The scorn in his voice told Will it was past time to leave. He might be a jerk, but he wasn’t so inhumane to let someone die. Even a Churchston asshole who hated his guts. A bitter scoff tickled at the back of his throat. Who was he kidding? He was no lifesaver. He had let his best friend die.
“He saved your life!” The blonde seemed surprised at the lack of gratitude and Will guessed she was a vacationer, not privy to why he was the chosen black sheep of town.
“What? No. No, he likes to watch ‘em die.” The man straightened, clearing his throat. “Don’t you boy? You couldn’t stand to see him better than you.”

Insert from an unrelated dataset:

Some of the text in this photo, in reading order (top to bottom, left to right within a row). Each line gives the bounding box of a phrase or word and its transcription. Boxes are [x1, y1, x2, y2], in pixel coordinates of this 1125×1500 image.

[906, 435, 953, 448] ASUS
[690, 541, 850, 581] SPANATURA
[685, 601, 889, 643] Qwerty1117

Will had had enough. No one on Earth could understand the raw pain he lived through every day, the ache of the failure when he hadn’t been able to save the one person in the world who had meant something to him. With no energy to defend himself, he let people crowd around him to get close to see the action.

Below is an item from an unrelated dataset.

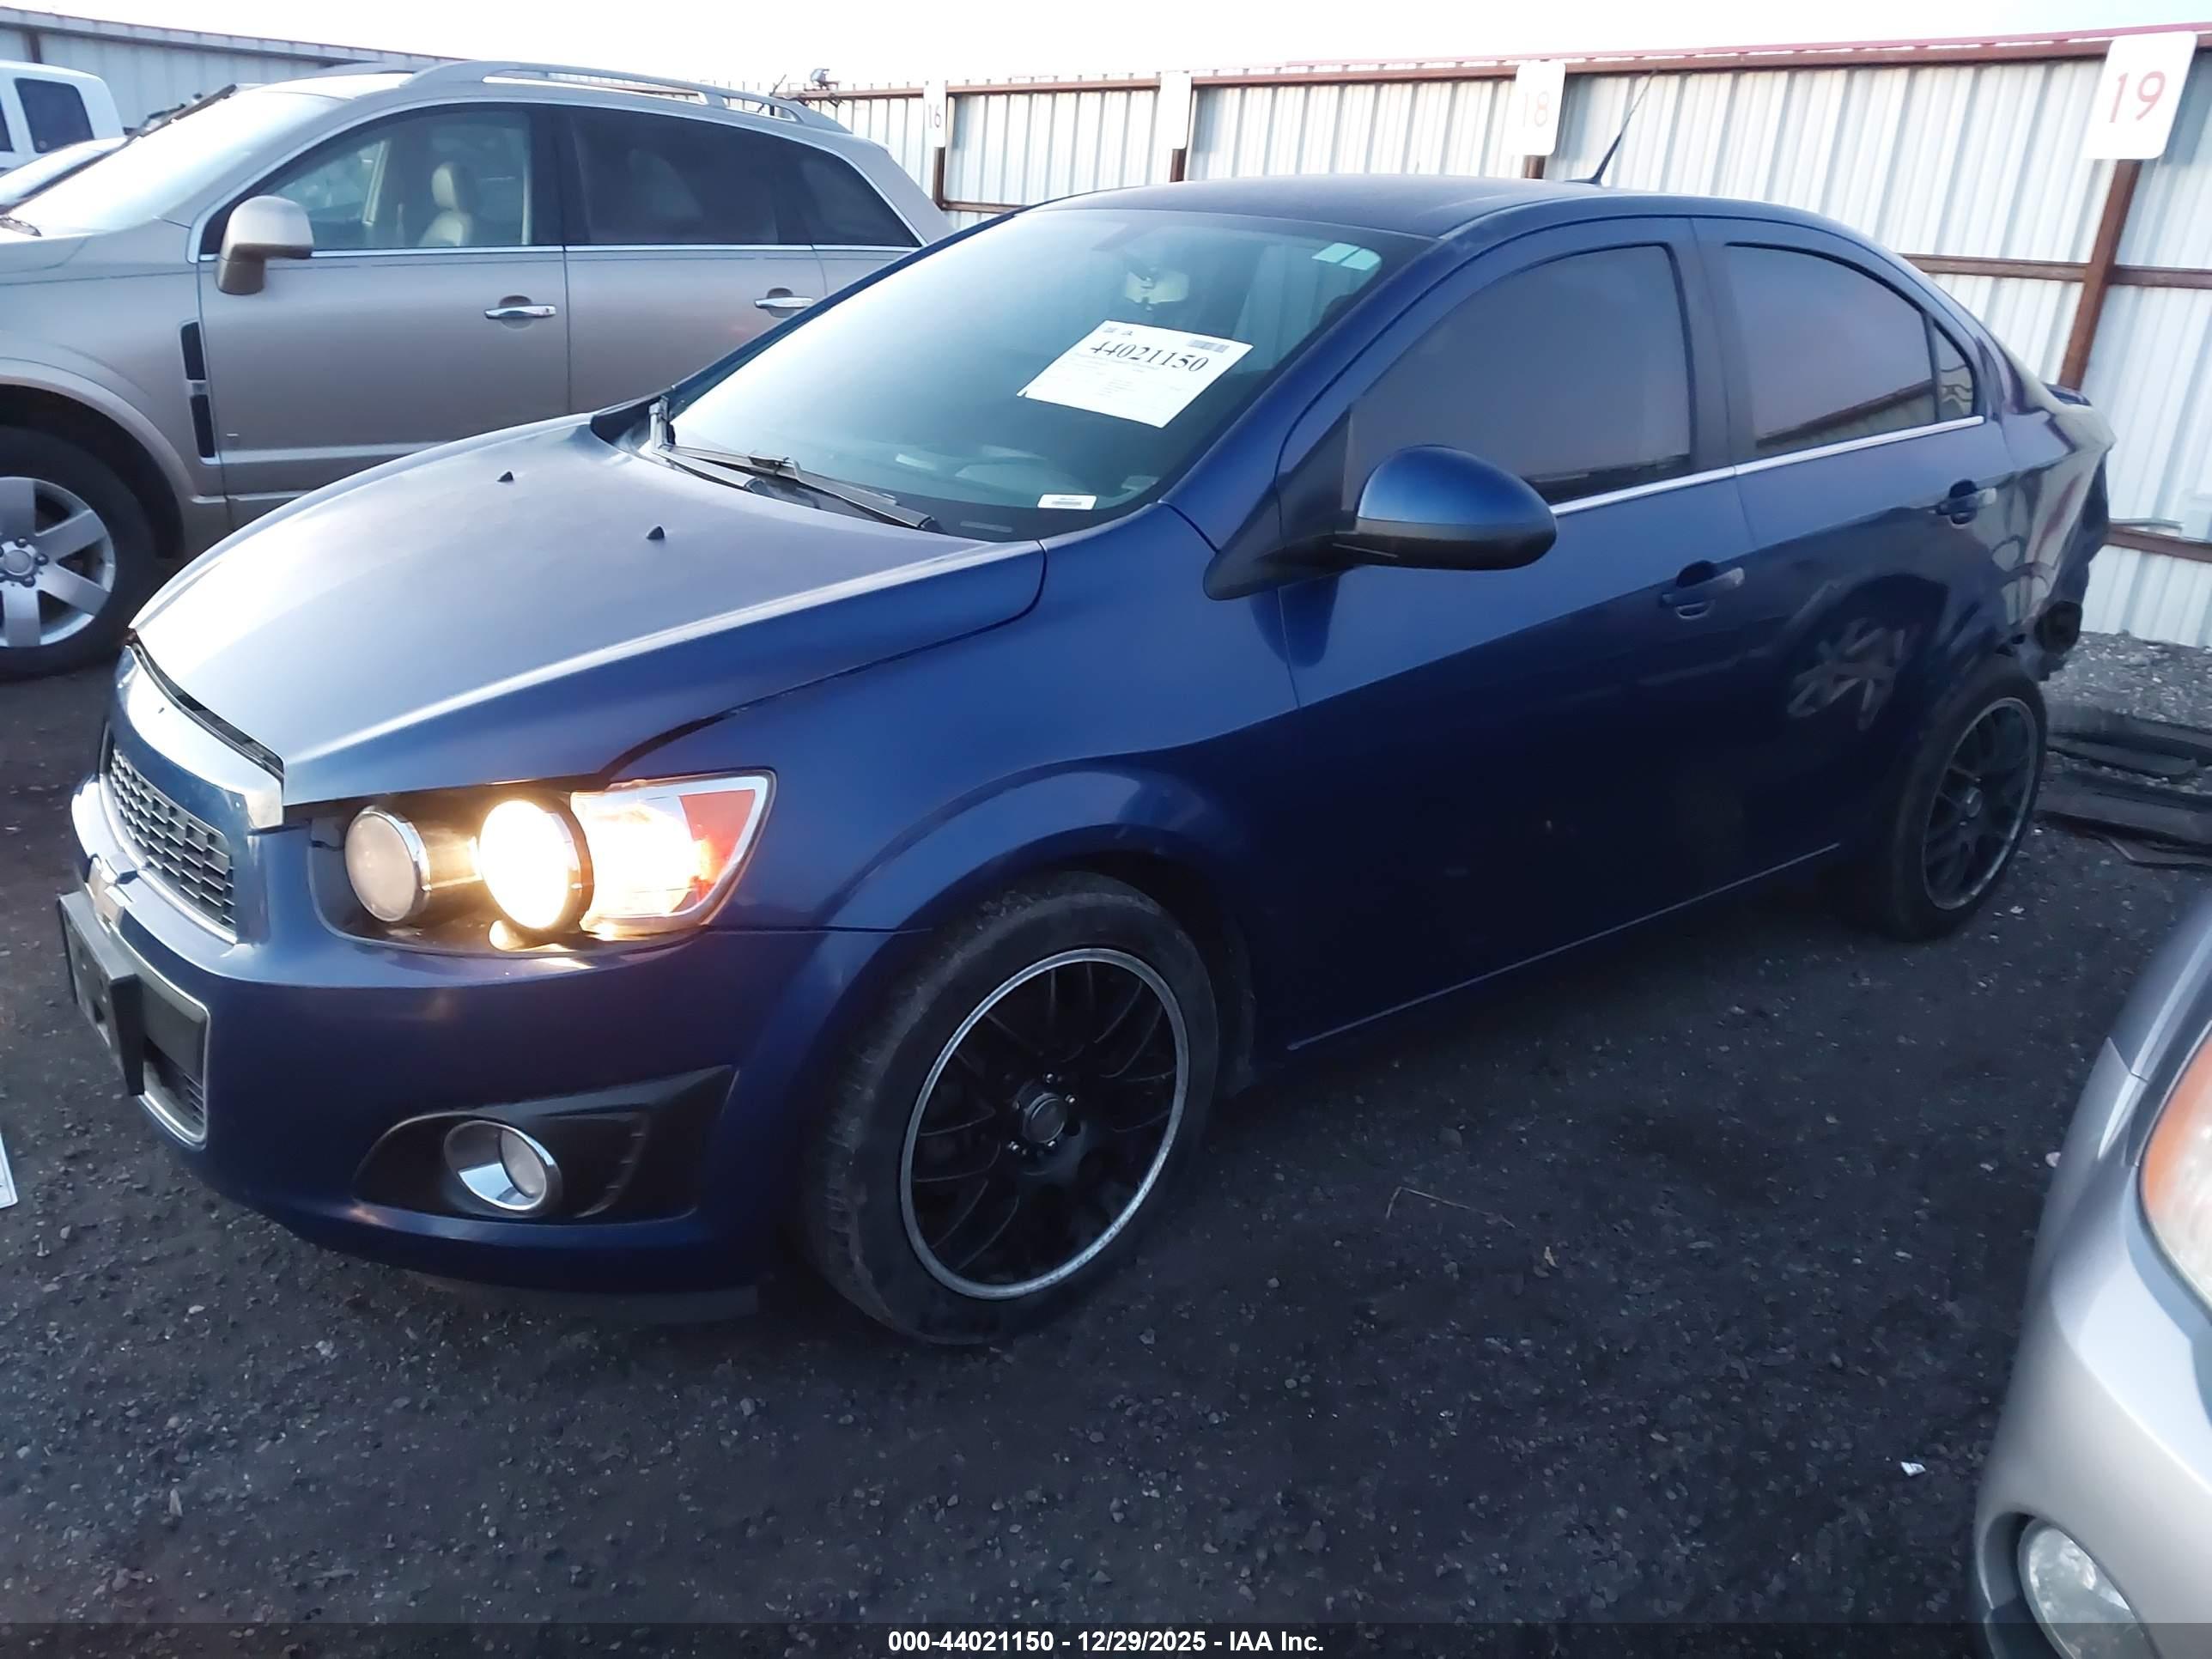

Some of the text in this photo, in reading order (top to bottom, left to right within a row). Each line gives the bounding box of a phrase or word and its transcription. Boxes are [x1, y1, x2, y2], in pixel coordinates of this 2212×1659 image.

“Where’s the lifeguard?” The man’s wife fussed as she wiped her husband’s sweaty hair from his forehead. “Maybe you should go to the hospital.”
“I don’t need no damn lifeguard.”
Will dunked his hands in the water. Since he had shaved and cut his hair, he felt even more exposed. He wiped at his hoodie in an attempt to chase the man’s sweat off and the crowd parted for one of Churchston’s officers. Fred marshalled forward with a blank expression of authority, followed by a lifeguard clad in the tiniest bathing suit possible.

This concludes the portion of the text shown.